Df.Les droits patrimoniaux sont les droits subjectifs qui sont susceptibles d’une évaluation pécuniaire, et qui entrent à ce titre dans le patrimoine de l’individu.
Cette valeur pécuniaire confère aux droits patrimoniaux plusieurs caractéristiques :
- la cessibilité (entre vifs) : on peut les vendre, les échanger, les donner ;
- la transmissibilité (pour cause de mort) : ils passeront dans l'héritage du défunt ;
- la prescriptibilité : on peut les perdre si on ne les utilise pas pendant un certain temps (prescription extinctive) ou les acquérir par un usage prolongé (prescription acquisitive) ;
- la saisissabilité : le créancier du titulaire peut les faire vendre et se payer sur leur prix.

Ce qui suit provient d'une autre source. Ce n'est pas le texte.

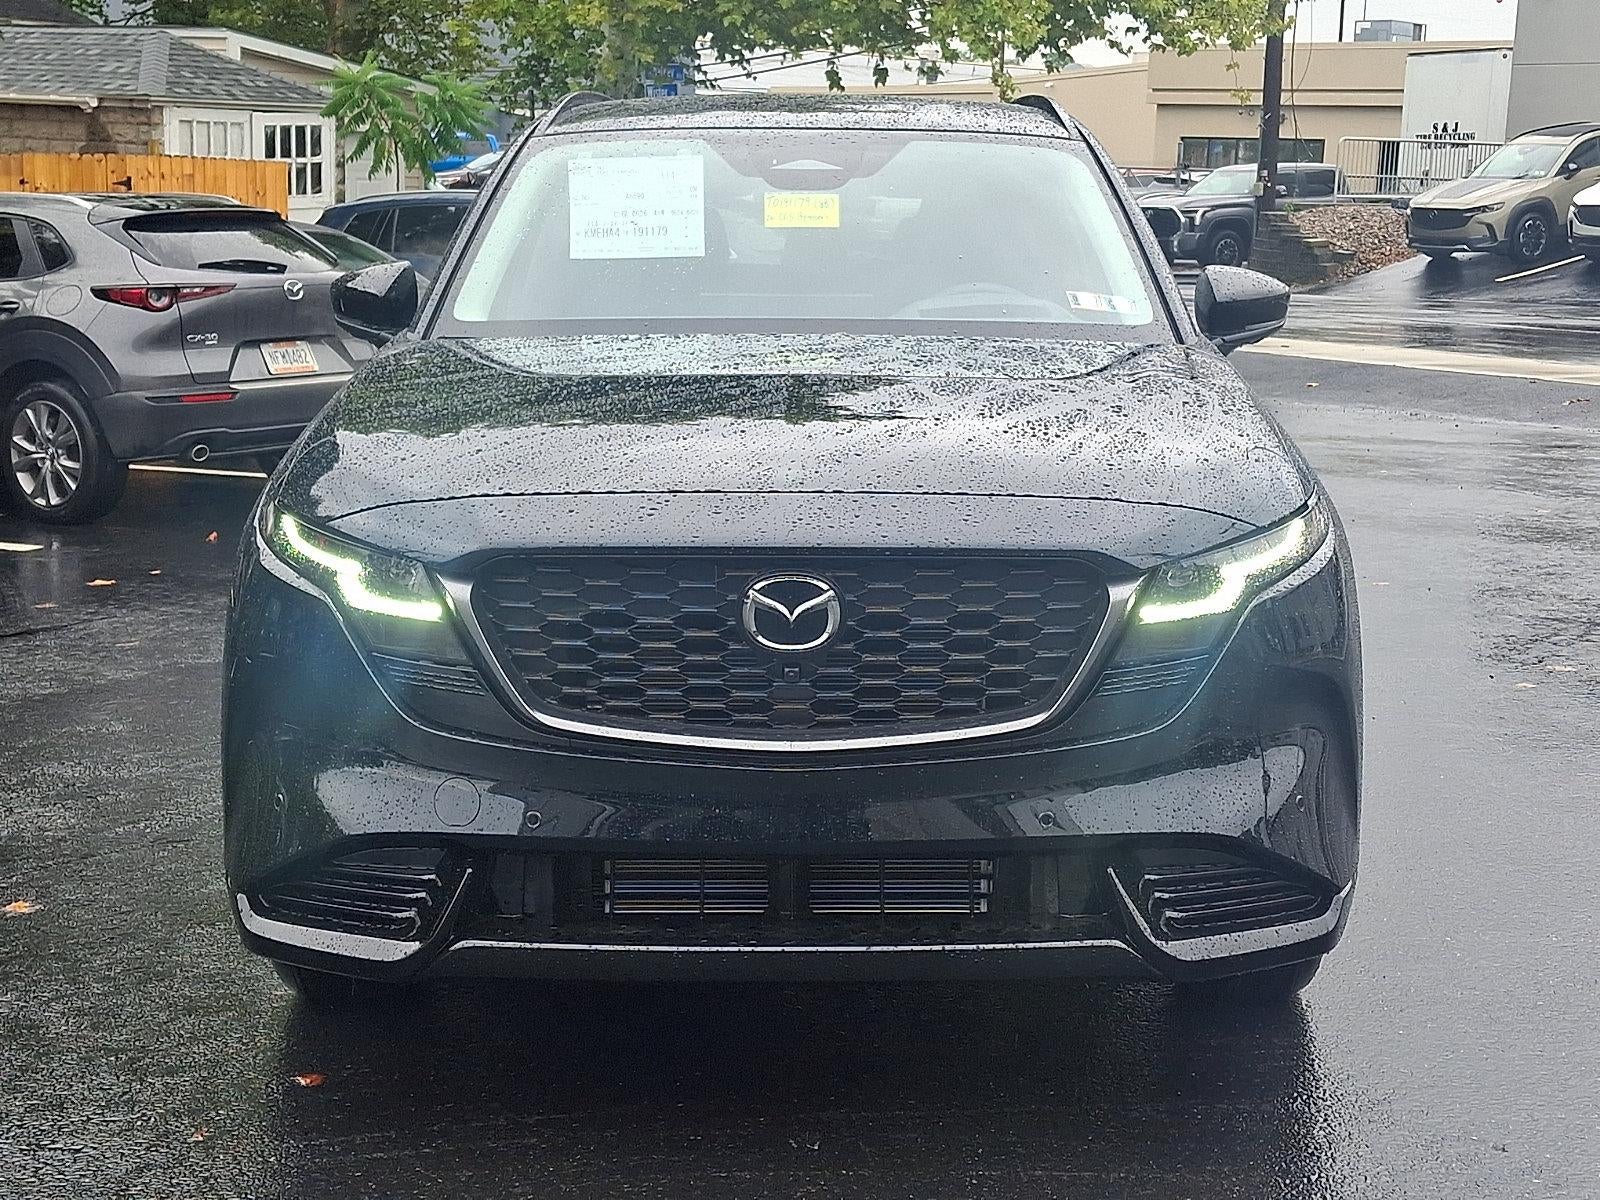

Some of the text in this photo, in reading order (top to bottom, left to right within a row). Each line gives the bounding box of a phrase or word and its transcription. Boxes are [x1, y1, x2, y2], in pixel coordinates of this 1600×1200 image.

[1432, 121, 1459, 133] S & J
[1434, 133, 1475, 141] RECYCLING

Avant de s'intéresser aux trois catégories de droits patrimoniaux (droits réels, droits personnels et droits intellectuels) il faut au préalable étudier la notion de patrimoine.
La notion de patrimoine est une notion relativement abstraite mais très importante en droit français. Elle est marquée par un principe d'unité qui supporte de plus en plus d'exceptions.

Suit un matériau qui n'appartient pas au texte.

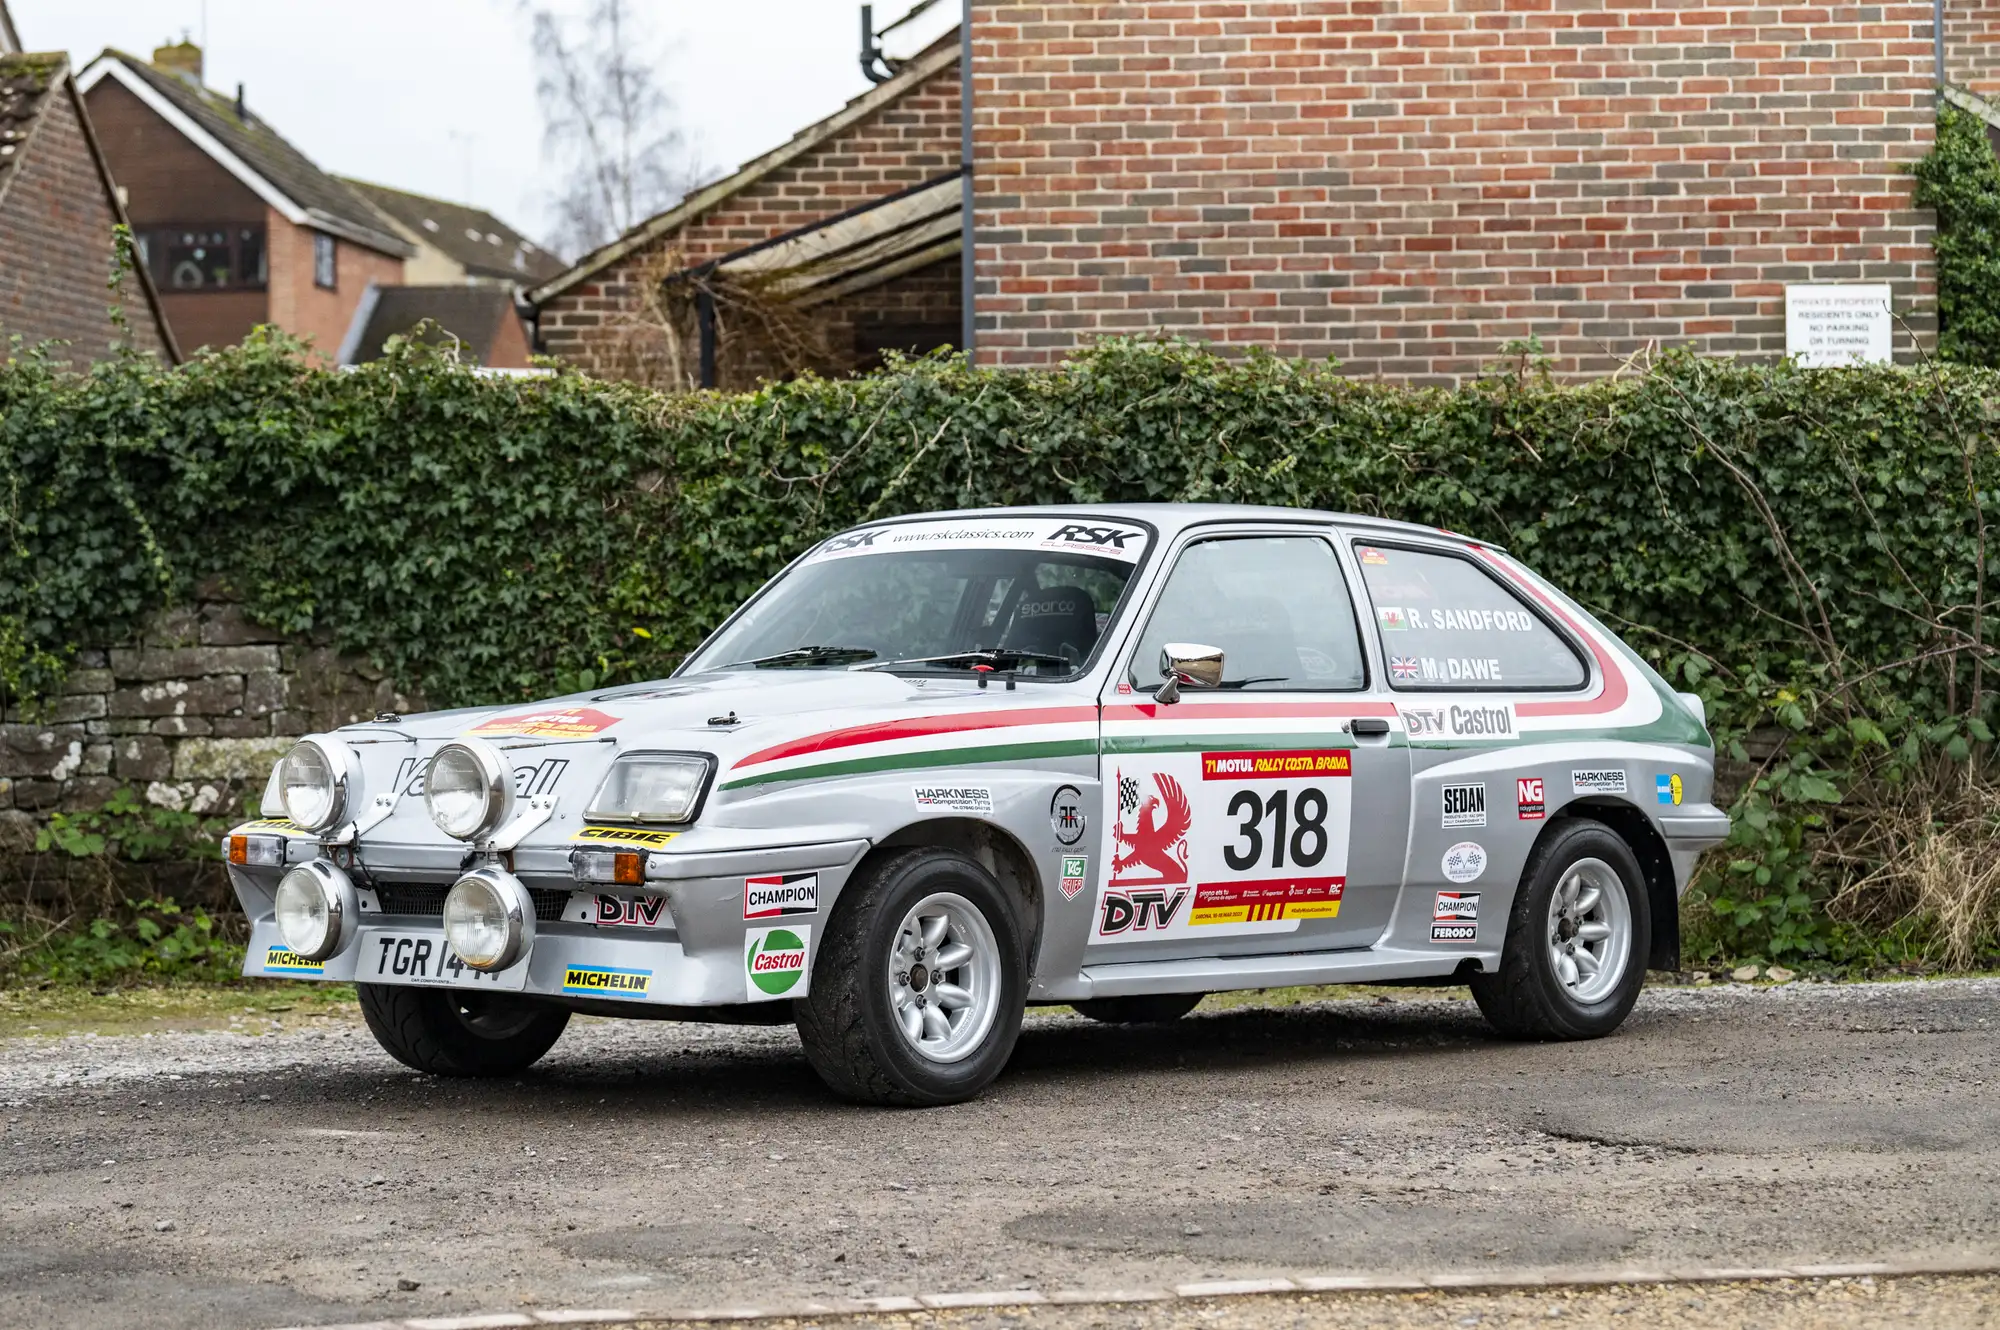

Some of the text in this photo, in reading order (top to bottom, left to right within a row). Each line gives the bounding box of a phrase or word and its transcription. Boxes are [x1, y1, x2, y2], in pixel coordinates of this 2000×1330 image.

Df.En vocabulaire courant, le patrimoine, est un ensemble de choses - des immeubles surtout, mais également des meubles - qui nous appartiennent, que l’on tient parfois de sa famille, et qui constituent plus ou moins notre richesse.
En droit, le patrimoine est l'ensemble des droits et des obligations patrimoniaux présents et à venir détenus par une même personne.
Le patrimoine comprend aussi bien un actif (incluant les droits que l'on a sur les choses et sur les gens) et un passif (les dettes du titulaire).
Le passif peut être plus important que l’actif sans que le patrimoine disparaisse. Le patrimoine est en fait une enveloppe, dans laquelle se trouvent (ou ne se trouvent pas) tous les droits et les dettes présents et à venir qui peuvent faire l’objet d’une évaluation monétaire.Le patrimoine est susceptible de désigner tantôt le contenant (indépendamment de son contenu), tantôt le contenu lui-même.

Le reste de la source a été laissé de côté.